Yes that's another classic. Just be careful about whether you make it possible to de-infest people/beings. If you can, and you don't, suddenly a gigantic blazing moral question appears in the heavens and won't go away, like some baleful comet. Even if you make it so say, killing the source de-infests the remaining people, then as soon as you learn that it becomes a moral imperative to kill as few infested as possible, which can put a real damper on things. I think the best way of doing it is to say "If you're fully infected, it's over, you're done, no going back, but we can stop future infections by doing X or Y".

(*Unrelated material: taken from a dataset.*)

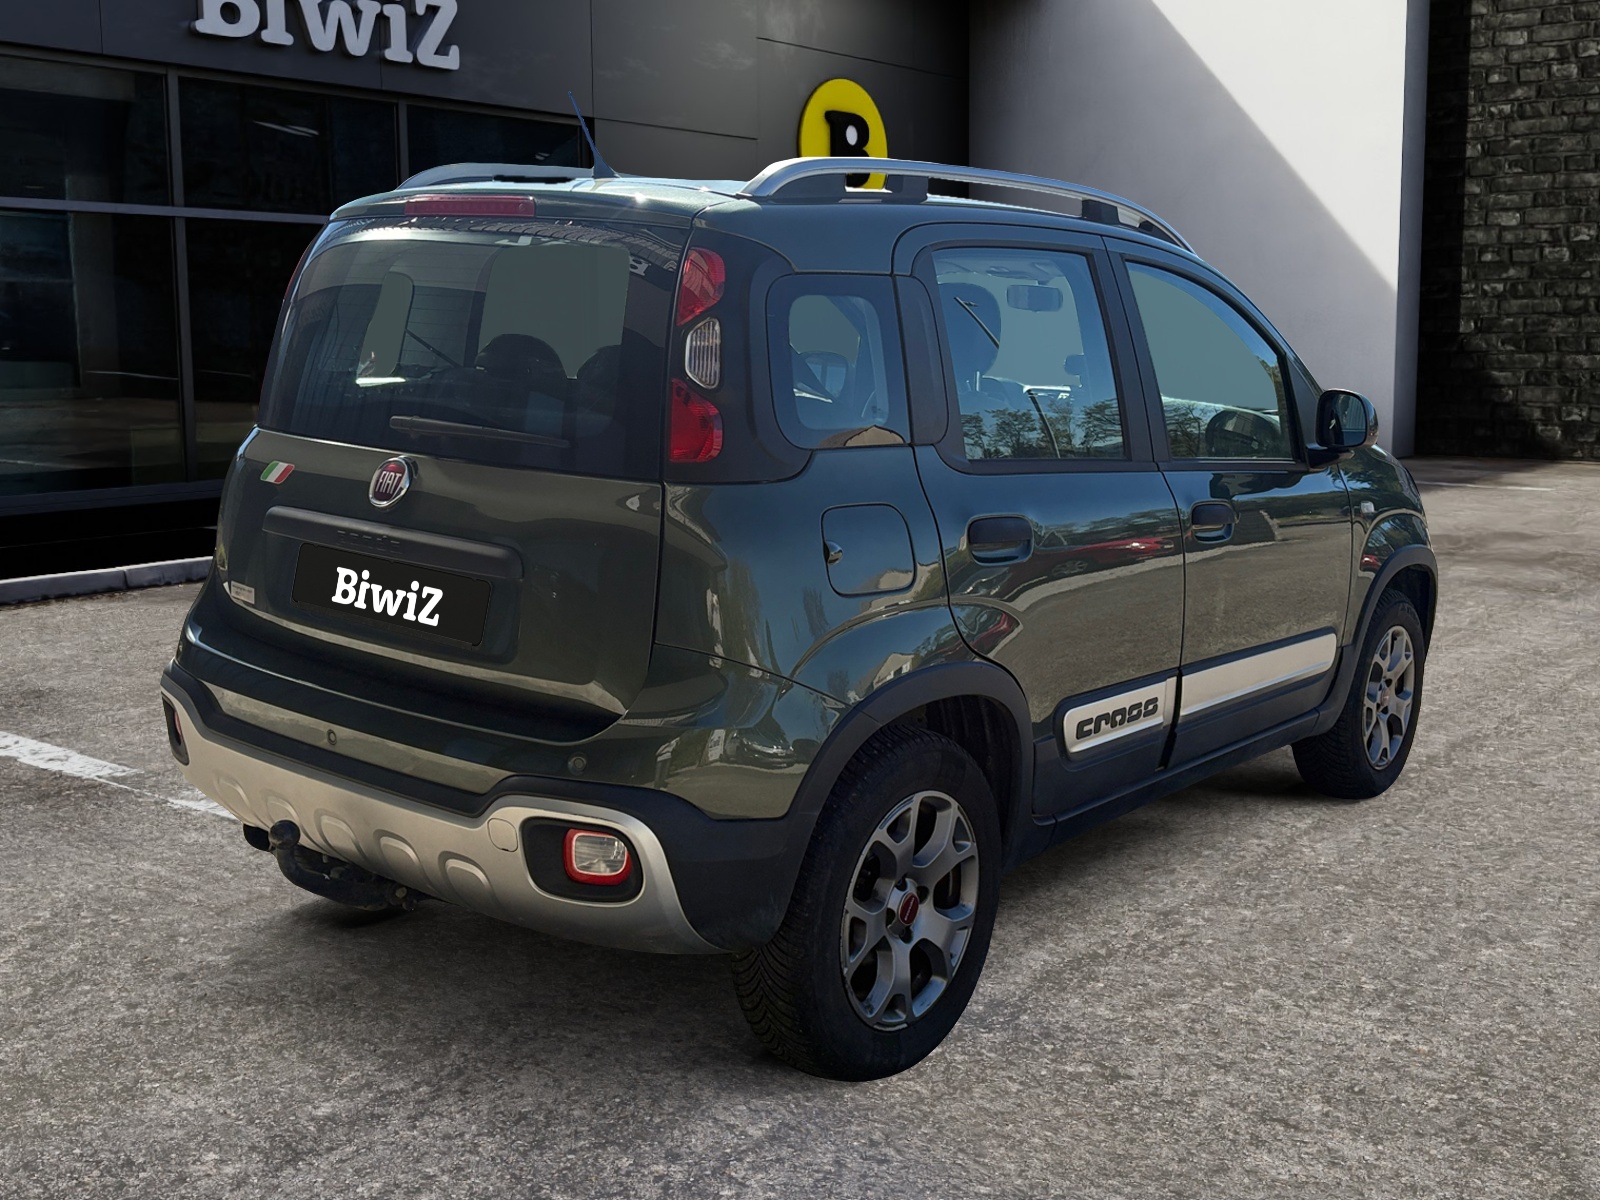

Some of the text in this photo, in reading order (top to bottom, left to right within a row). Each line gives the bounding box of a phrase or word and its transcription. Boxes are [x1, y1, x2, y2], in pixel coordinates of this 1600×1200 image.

100%. You want contagious but not too contagious (or the PCs have to decontaminate after every fight, which is tiresome), relatively easy to treat early on (again, to allow PCs to not get it), but irreversible after the onset of symptoms.
 

100%. You want contagious but not *too*contagious (or the PCs have to decontaminate after every fight, which is tiresome), relatively easy to treat early on (again, to allow PCs to not get it), but irreversible after the onset of symptoms.
What can I say but yes EXACTLY that.